Failed water project leaves Obeta-Ndoki community in Rivers State parched and sick.
Men, women, and children in this rural community fetch drinking water from a single polluted stream shared with livestock.
They have no alternative. No borehole flows. No pipes deliver clean supply.
Civic monitors from Tracka exposed the crisis on January 11, 2026.
In June 2024, the Federal Government released ₦10.6 million through the Niger Delta Basin Development Authority for rehabilitation of the community’s water scheme, including full reticulation.
The contractor, Jonac Multi Purpose Company Limited, received the funds.

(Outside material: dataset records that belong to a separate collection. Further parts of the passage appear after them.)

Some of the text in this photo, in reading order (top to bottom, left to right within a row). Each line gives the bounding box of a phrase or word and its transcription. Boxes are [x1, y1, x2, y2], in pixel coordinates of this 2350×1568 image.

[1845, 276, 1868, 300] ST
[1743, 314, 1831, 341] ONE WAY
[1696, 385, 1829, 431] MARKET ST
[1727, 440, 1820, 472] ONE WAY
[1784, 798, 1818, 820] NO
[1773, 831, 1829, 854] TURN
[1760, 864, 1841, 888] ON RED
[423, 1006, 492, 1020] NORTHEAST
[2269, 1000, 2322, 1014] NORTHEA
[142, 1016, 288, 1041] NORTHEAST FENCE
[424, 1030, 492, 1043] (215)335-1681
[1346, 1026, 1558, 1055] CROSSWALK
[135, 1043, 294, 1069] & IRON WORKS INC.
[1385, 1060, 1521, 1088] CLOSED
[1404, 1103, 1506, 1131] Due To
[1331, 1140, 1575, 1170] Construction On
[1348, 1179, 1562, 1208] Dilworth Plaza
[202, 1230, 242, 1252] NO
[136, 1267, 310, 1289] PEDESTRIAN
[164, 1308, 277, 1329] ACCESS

Nineteen months later, residents see zero progress.
Tracka team members visited the site and documented the stark reality.
Photos show villagers carrying buckets from the murky stream.

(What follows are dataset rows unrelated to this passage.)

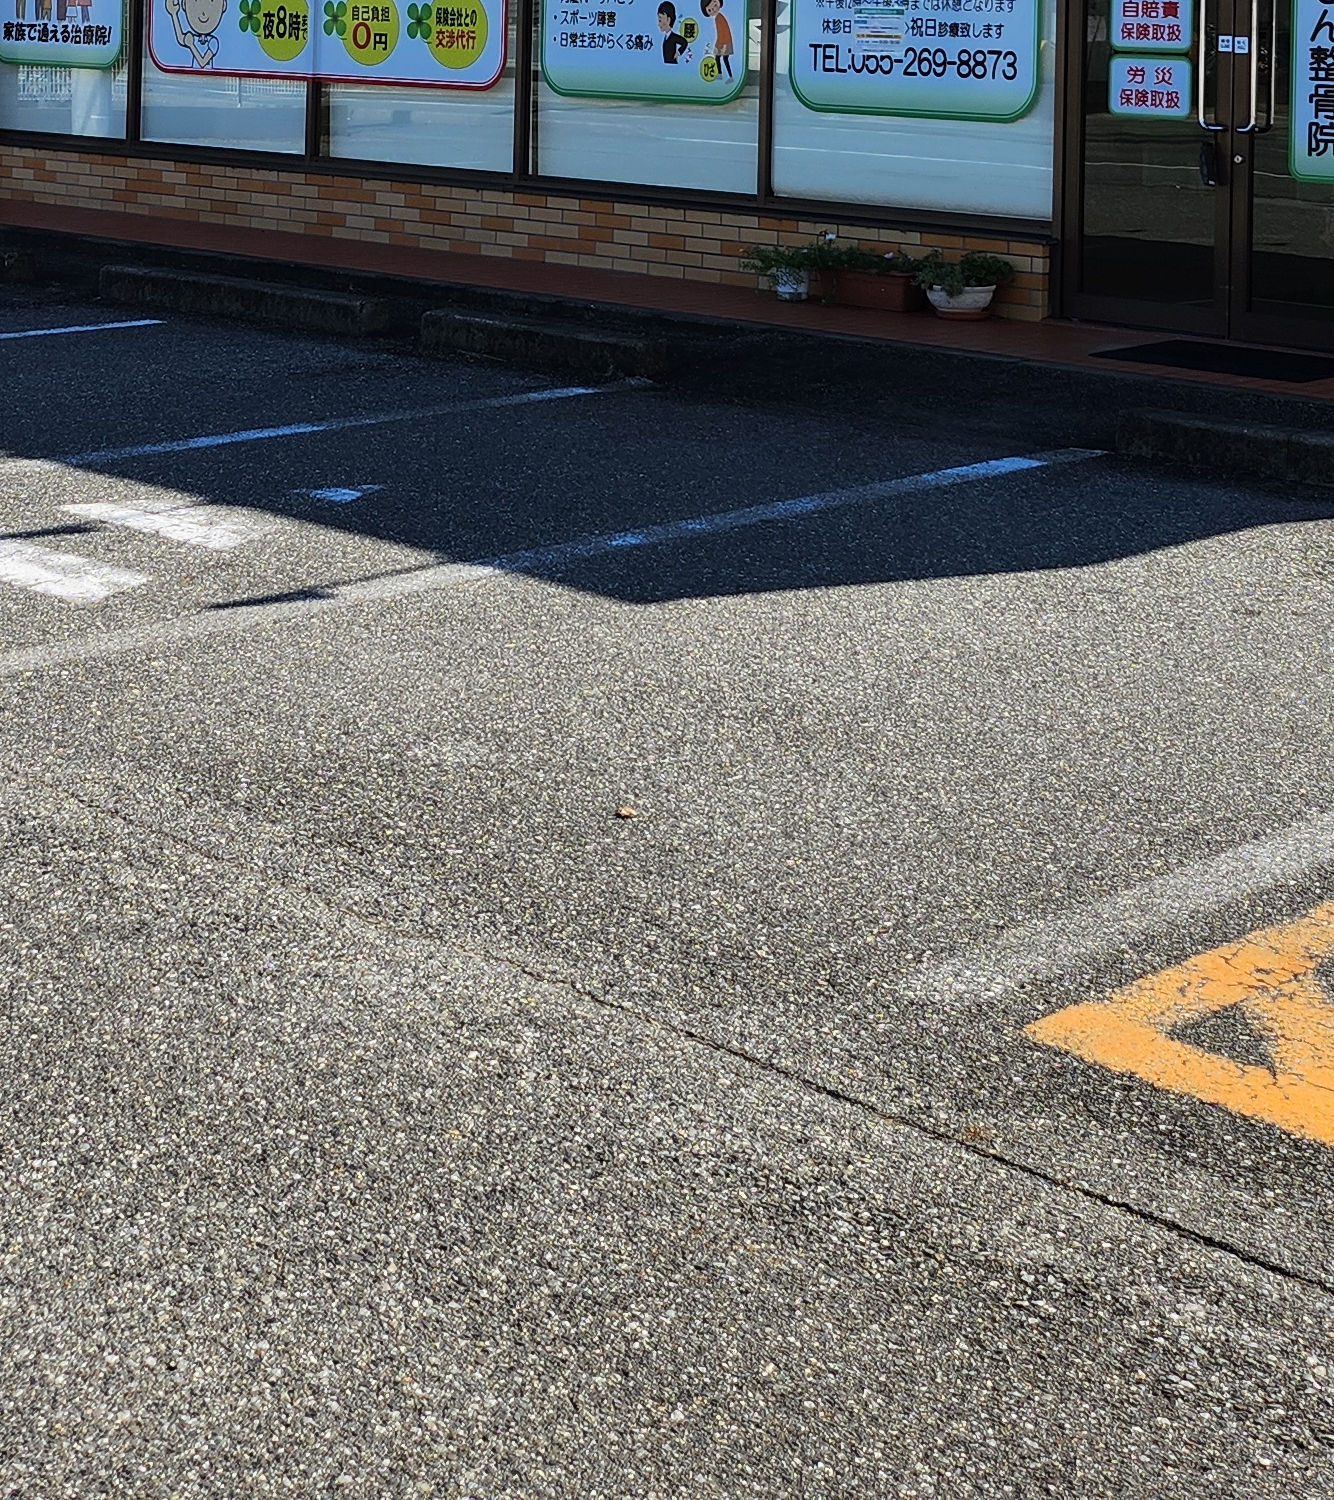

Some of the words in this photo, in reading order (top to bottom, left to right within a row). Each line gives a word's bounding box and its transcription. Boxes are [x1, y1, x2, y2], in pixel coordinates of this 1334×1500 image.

[351, 5, 391, 23] 自己負担
[435, 6, 477, 27] 保険会社との
[1122, 0, 1180, 20] 自賠責
[352, 21, 388, 51] 0円
[435, 29, 476, 50] 交渉代行
[1120, 22, 1182, 43] 保険取扱
[1119, 88, 1181, 110] 保険取扱

Algae and debris float on the surface.
Animals wade in the same water people use for cooking and bathing.
Community members report frequent bouts of cholera, typhoid, and diarrhea.

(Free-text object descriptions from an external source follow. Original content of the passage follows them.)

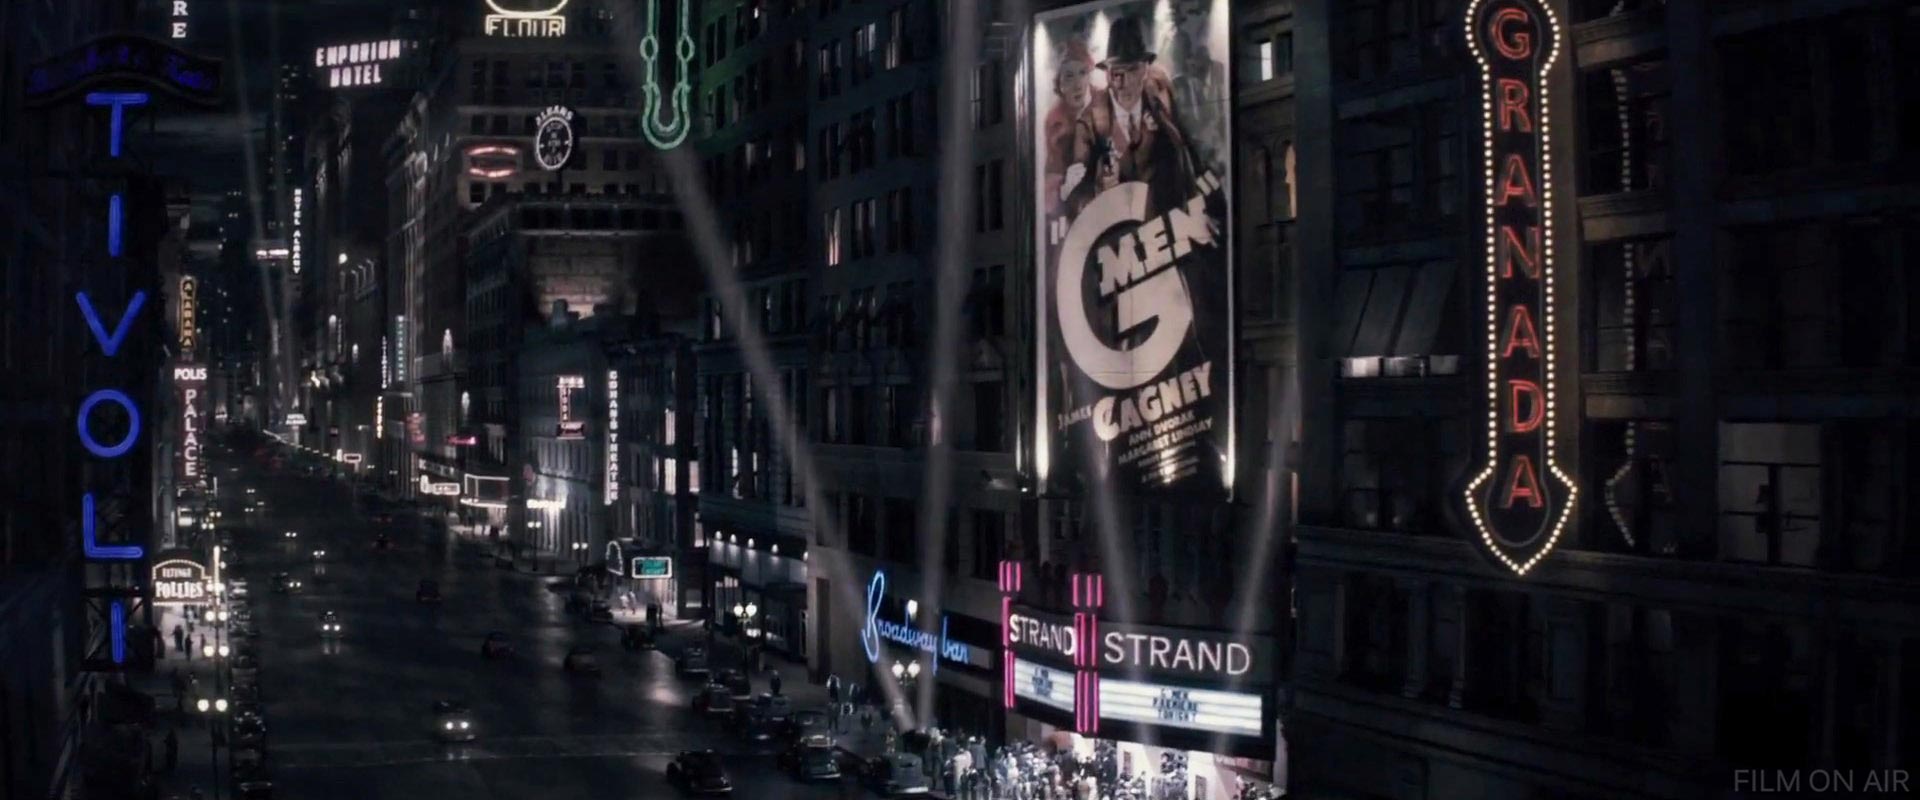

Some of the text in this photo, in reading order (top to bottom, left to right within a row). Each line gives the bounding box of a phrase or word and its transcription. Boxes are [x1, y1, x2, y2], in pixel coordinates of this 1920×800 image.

[315, 39, 401, 67] EMPORIUM
[330, 64, 382, 88] HOTEL
[293, 188, 302, 226] HOTEL
[1489, 8, 1544, 509] GRANADA
[76, 92, 149, 663] TIVOLI
[1093, 361, 1212, 441] CAGNEY
[184, 388, 198, 476] PALACE
[1117, 433, 1171, 465] MARGARET
[1170, 416, 1213, 444] LINDSAY
[1128, 409, 1195, 447] ANN DVORAK
[609, 433, 619, 501] THEATRE
[155, 581, 204, 598] FOLLIES
[861, 569, 970, 677] Broadway bar
[1009, 613, 1076, 657] STRAND
[1103, 631, 1251, 676] STRAND

Limited healthcare nearby turns minor illnesses into life-threatening conditions.
“The funds remain with the contractor, with no visible work on site,” Tracka stated in their January 11 post.
“This is yet another case of taxpayers’ money yet to deliver value to the people.”
Residents expressed deep frustration during the visit.
They described daily struggles that drain time and health.
Parents worry about children’s repeated sickness.
Families already face economic hardship under Nigeria’s rising cost of living and new tax measures.
They expected the 2024 federal project to bring relief.
Instead, neglect deepens their suffering.Tracka demands swift action.
The group urges the Economic and Financial Crimes Commission (EFCC) and Independent Corrupt Practices Commission (ICPC) to investigate immediately.
They call for authorities to compel the contractor back to site and complete the work without delay.
Similar failures plague other water initiatives across the region.
Recent collapses of HYPREP-funded tanks in Eleme and Khana LGAs highlight broader accountability gaps.
In Obeta-Ndoki, the pattern repeats: funds flow, promises vanish, communities endure.
Civic platforms like Tracka encourage citizens to monitor projects in their areas via public tools and report discrepancies.
Clean water counts as a basic right. For Obeta-Ndoki residents, that right remains out of reach—while ₦10.6 million sits unused.
Authorities must act now to turn disbursed funds into delivered relief.